Just this week, Minneapolis Institute of Arts Director Kaywin Feldman was voted in as the new president of the Association of Art Museum Directors (AAMD) at the organization’s annual meeting in Indianapolis.

Feldman succeeds Michael Conforti, director of the Sterling and Francine Clark Art Institute, as the national organization’s president; her term in office will last one year.

Kaywin Feldman
Kaywin Feldman

The members of AAMD represent 198 art museums in the United States, Canada and Mexico; the organization both serves as a national advocate for North American art museums and aims to “aid its members in establishing and maintaining the highest professional standards for themselves and the museums they represent.”

According to the new report (PDF) from this year’s annual meeting, hot topics of discussion among the art museum directors at the gathering included “museum exhibitions of permanent collections, new audiences and members, a changing media landscape, institutional partnerships, and interactive media for educational purposes.”

In recent months, AAMD members have also grappled with the effects of the financial crisis on art museums, including the professional and ethical briar patch surrounding the range of museum policies for “deaccessioning” (selling off) pieces of artwork from their collections. (Perhaps the most widely reported such deaccessioning controversy was the nationwide kerfuffle surrounding Brandeis University’s 2009 plan to sell off the holdings of the Rose Art Museum collection to help cover the college’s substantial budget shortfall.)

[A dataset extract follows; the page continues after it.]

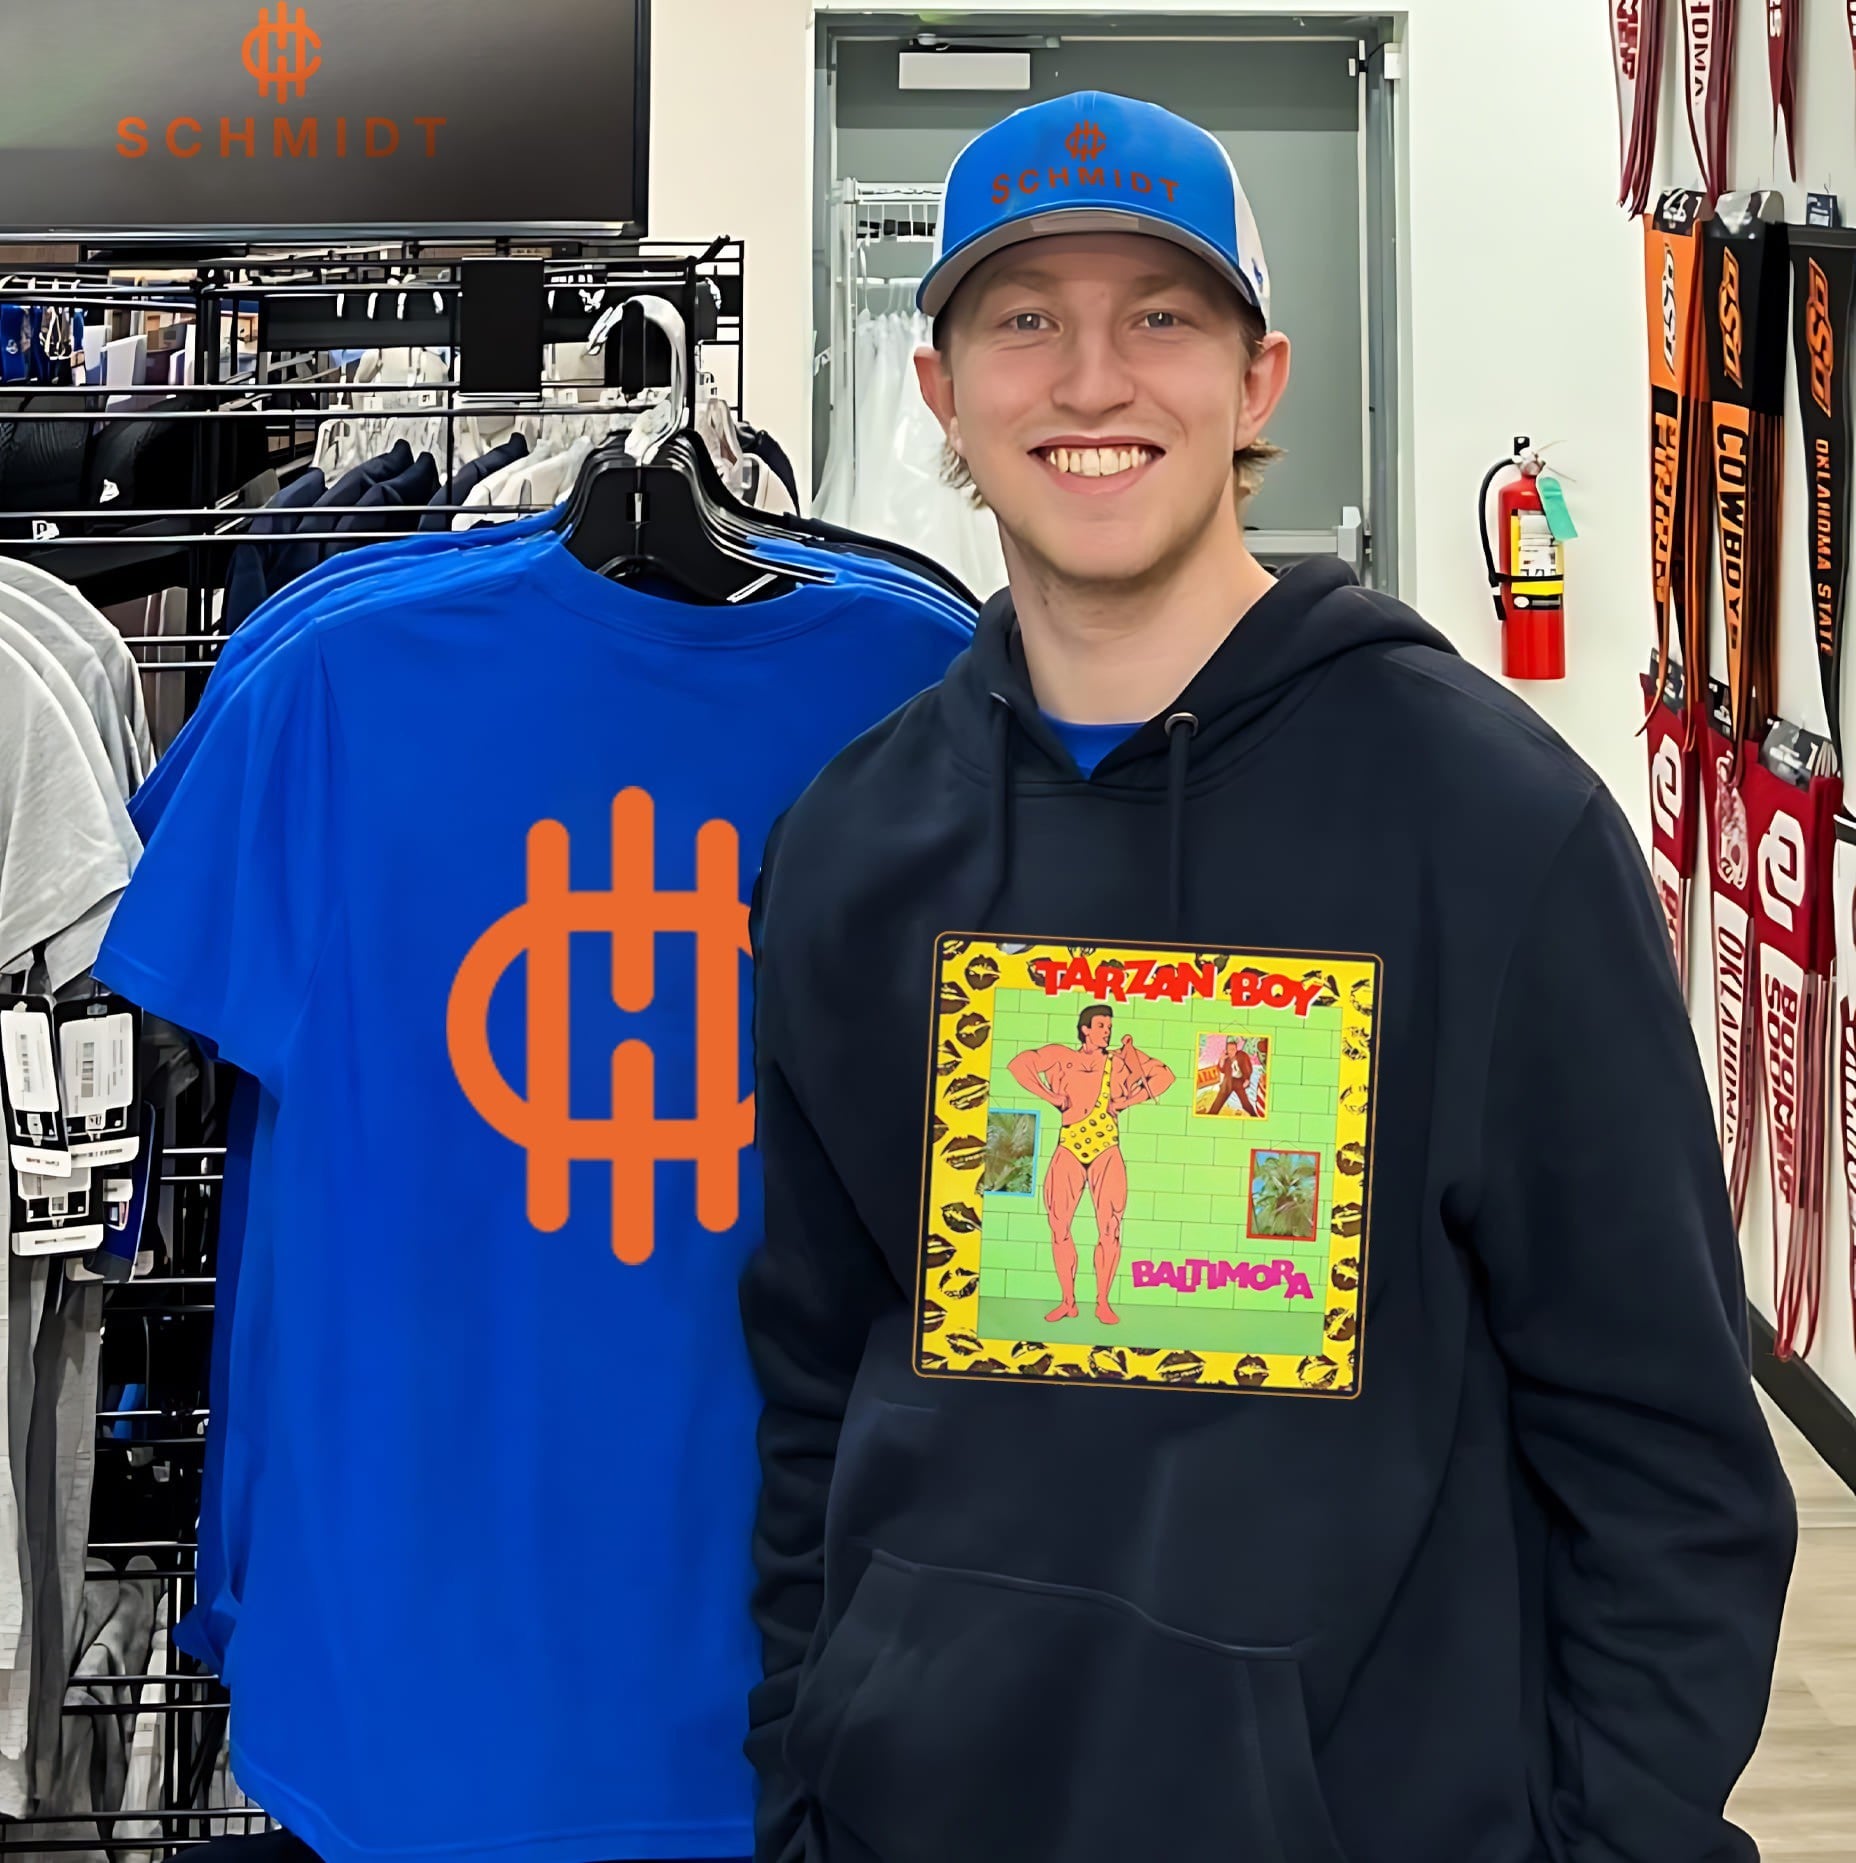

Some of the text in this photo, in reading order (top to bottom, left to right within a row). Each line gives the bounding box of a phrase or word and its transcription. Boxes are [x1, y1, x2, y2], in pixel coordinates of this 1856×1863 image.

Feldwin’s election as president of the AAMD is a terrific coup, for her and for the state of Minnesota. But as the nation’s art museums struggle, along with virtually every other cultural organization, to come up with successful strategies for financial sustainability in the face of a still-difficult economic climate, and to recapture waning civic support for arts and cultural institutions around the country, I have a feeling she’ll have her hands full.